The finance ministry has put a spanner in railways minister Dinesh Trivedi’s proposal, to incorporate five projects involving the construction of 453.73 km of rail tracks at a cost of Rs 2,197.41 crore in the upcoming rail budget in March.
The finance ministry’s reservations are that, four of the five projects pitched by Trivedi have a negative or a low Rate of Return (ROR) and are, therefore, not financially viable.
"The finance ministry’s view is that — rather than announcing a slew of fresh projects — the railways minister must focus on completing the long-pending projects and prioritise investments in important areas.
At its meeting on December 30 last, the expanded board on railways cleared proposals for construction of a 30 km new line from Hansdiha to Godda in Jharkhand at a cost of Rs 267.09 crore and the 68.61 km Rohtak-Meham-Hansi link in Haryana at a cost of Rs 406.87 crore. The two projects have a ROR of minus 13.25 and minus 5.60 respectively.

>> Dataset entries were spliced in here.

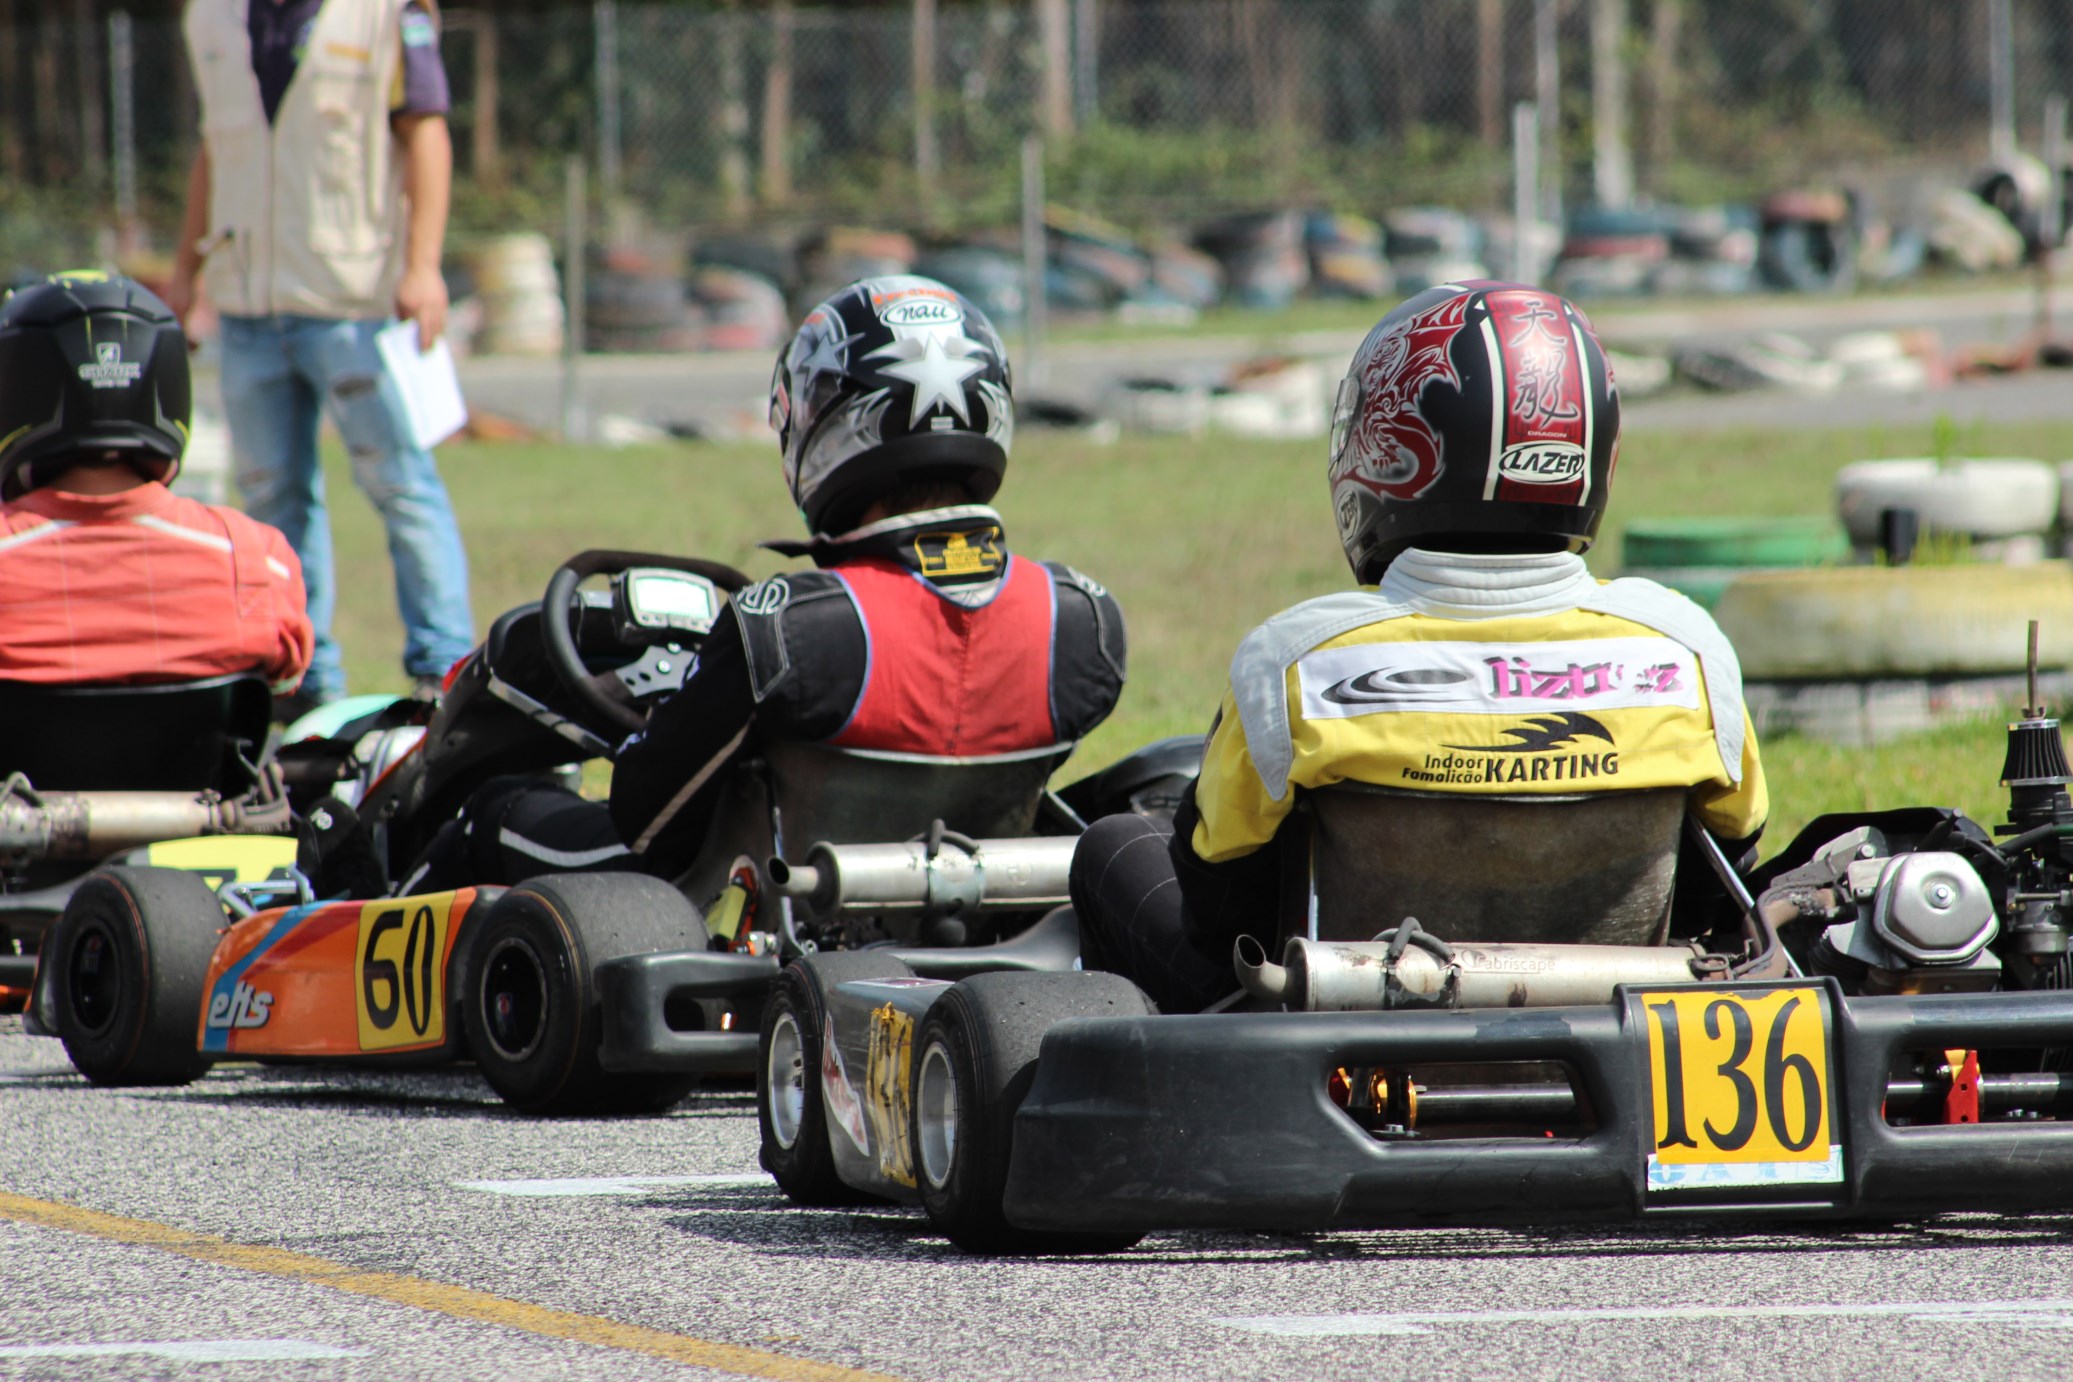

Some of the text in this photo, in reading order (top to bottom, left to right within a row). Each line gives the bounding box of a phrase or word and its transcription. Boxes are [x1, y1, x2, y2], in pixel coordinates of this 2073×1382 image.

[1527, 430, 1567, 438] DRAGON
[1508, 451, 1581, 475] LAZER
[1425, 752, 1484, 769] Indoor
[1484, 752, 1619, 783] KARTING
[1401, 767, 1483, 784] Famalicão
[363, 904, 436, 1037] 60
[1648, 996, 1822, 1152] 136

RORs provide the ratio of each rupee earned against an expenditure of Rs 100.
The doubling projects cleared by the expanded board includes the 104.44 km link from Dhasa to Jetalsar at a cost of Rs 376.59 crore and the 170.48 km connectivity from Ahmedabad to Botad at a cost of Rs 567.18 crore — both in Gujarat, which have a ROR of 5.83 and 2.61 respectively.
Of the projects pitched, the 80 km long third line from Bhadrak to Nergundi in Andhra Pradesh (costing Rs 558.68 crores) has the best ROR figures: At 26.55.

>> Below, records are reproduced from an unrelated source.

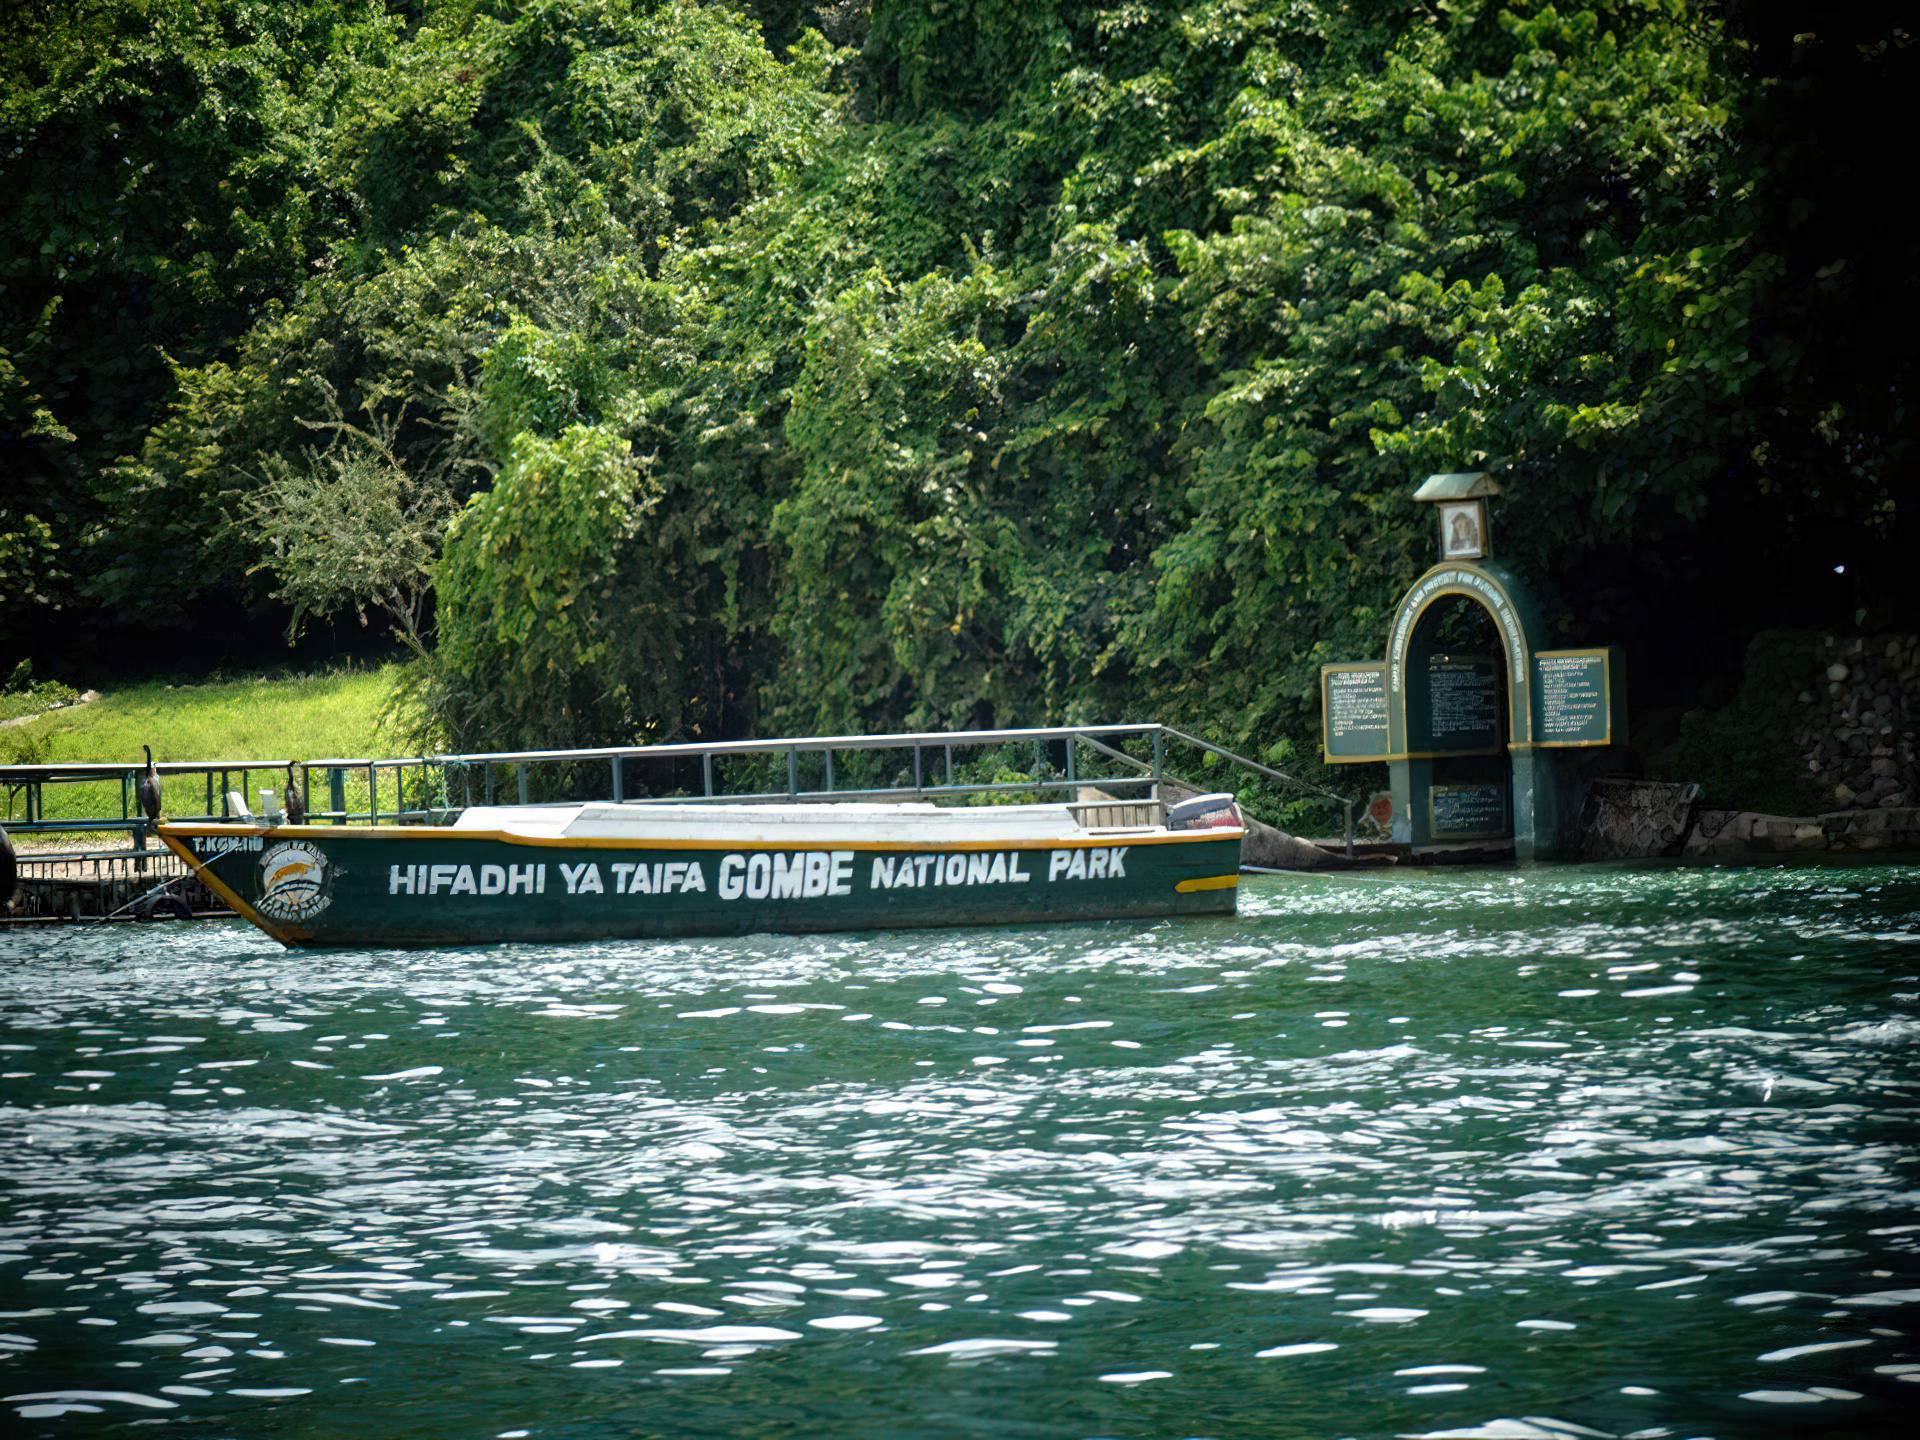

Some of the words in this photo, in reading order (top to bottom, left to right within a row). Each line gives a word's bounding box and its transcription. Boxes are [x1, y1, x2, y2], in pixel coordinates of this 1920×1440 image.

[389, 863, 546, 895] HIFADHI
[559, 863, 604, 894] YA
[611, 861, 707, 894] TAIFA
[718, 850, 855, 900] GOMBE
[870, 852, 1031, 889] NATIONAL
[1048, 847, 1130, 882] PARK

At a meeting last week with officials of the ministries of finance, program implementation, planning commission, railways officials were asked to explain why the five projects being pitched were to be regarded as top priority works. “The railways are still struggling to find convincing answers,” top ministry sources said.
Five projects were cleared at the meeting of the expanded board for railways on December 30.

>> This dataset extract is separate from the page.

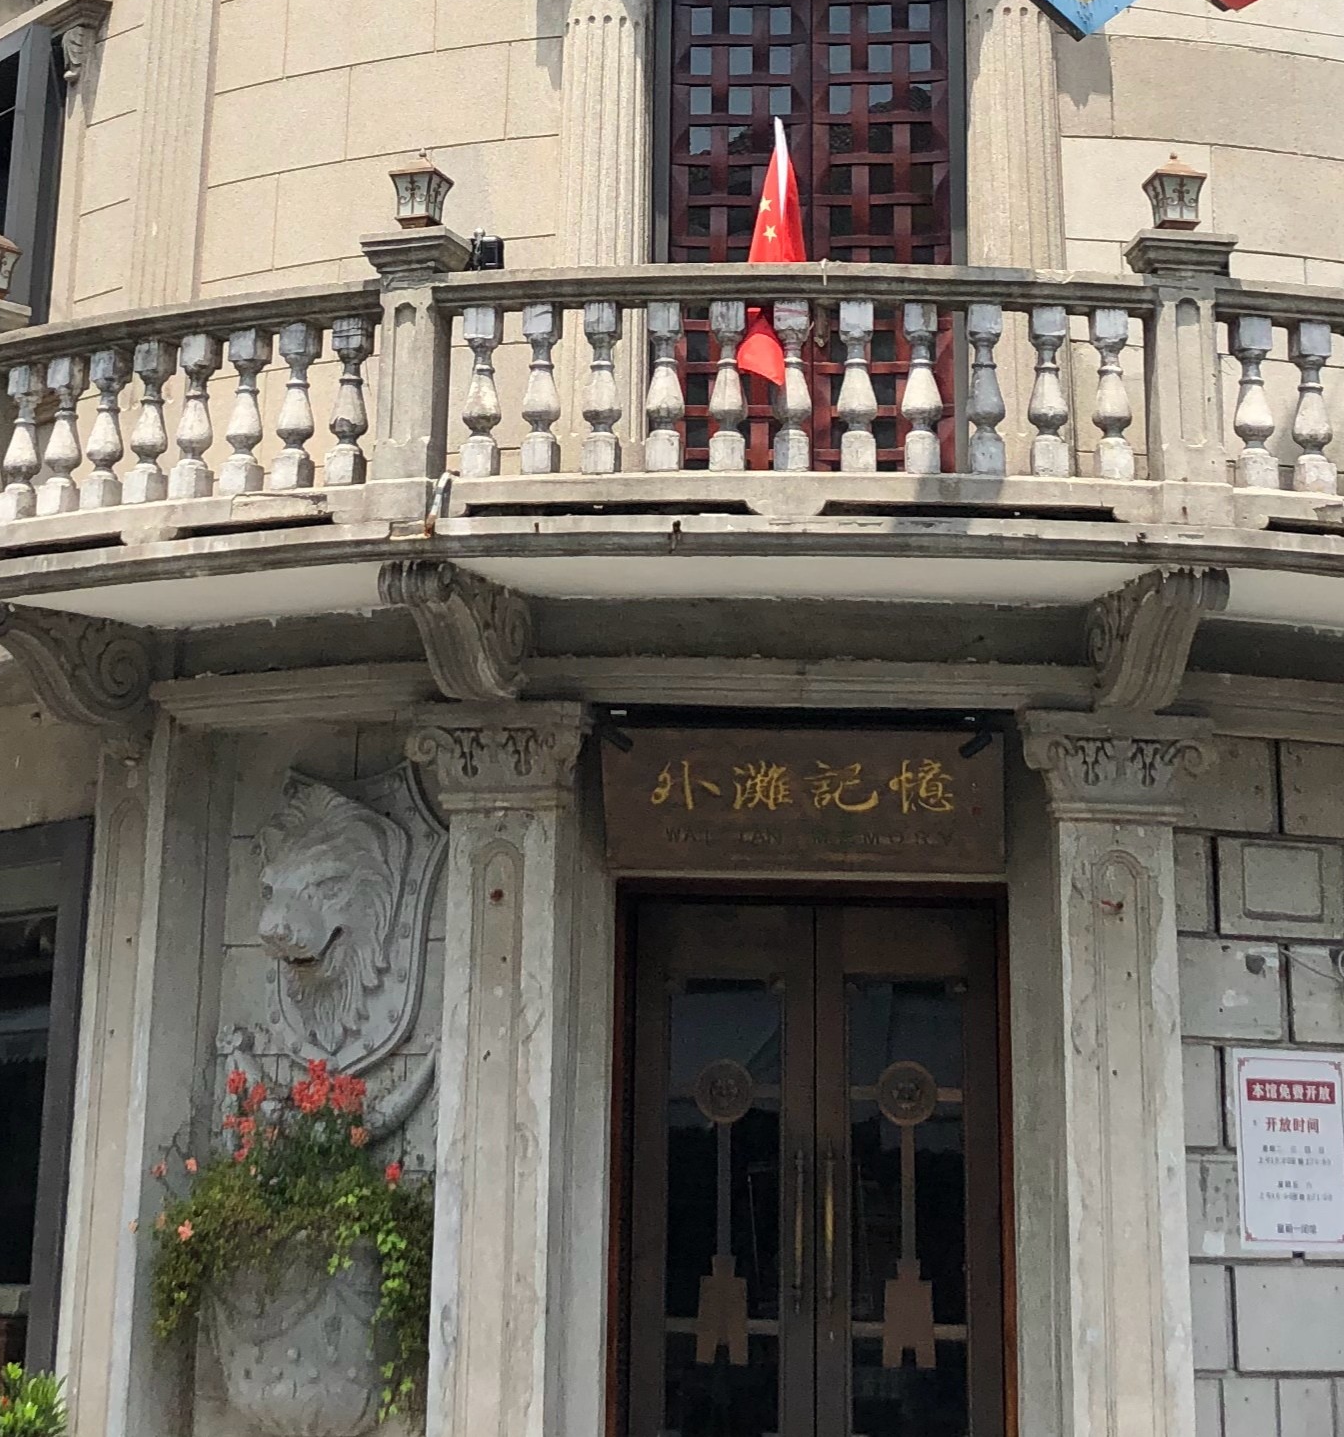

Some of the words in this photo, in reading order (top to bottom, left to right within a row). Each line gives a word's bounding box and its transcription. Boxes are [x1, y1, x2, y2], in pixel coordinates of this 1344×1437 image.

[1252, 1082, 1332, 1103] 本馆免费开放
[1264, 1116, 1320, 1135] 开放时间

The 381 projects involving the construction of 41,171 km tracks at an astronomical cost of Rs 2,59,466 crore were pending til April 2011, official papers show.
At a series of inter-ministerial meetings the railways have been advised to keep “populist schemes” out of Trivedi’s upcoming budget speech.
“The focus, ought to be on prioritising the investment needs of the railways in areas such as the dedicated freight corridors, high speed rolling stock ...,” railways officials have been advised.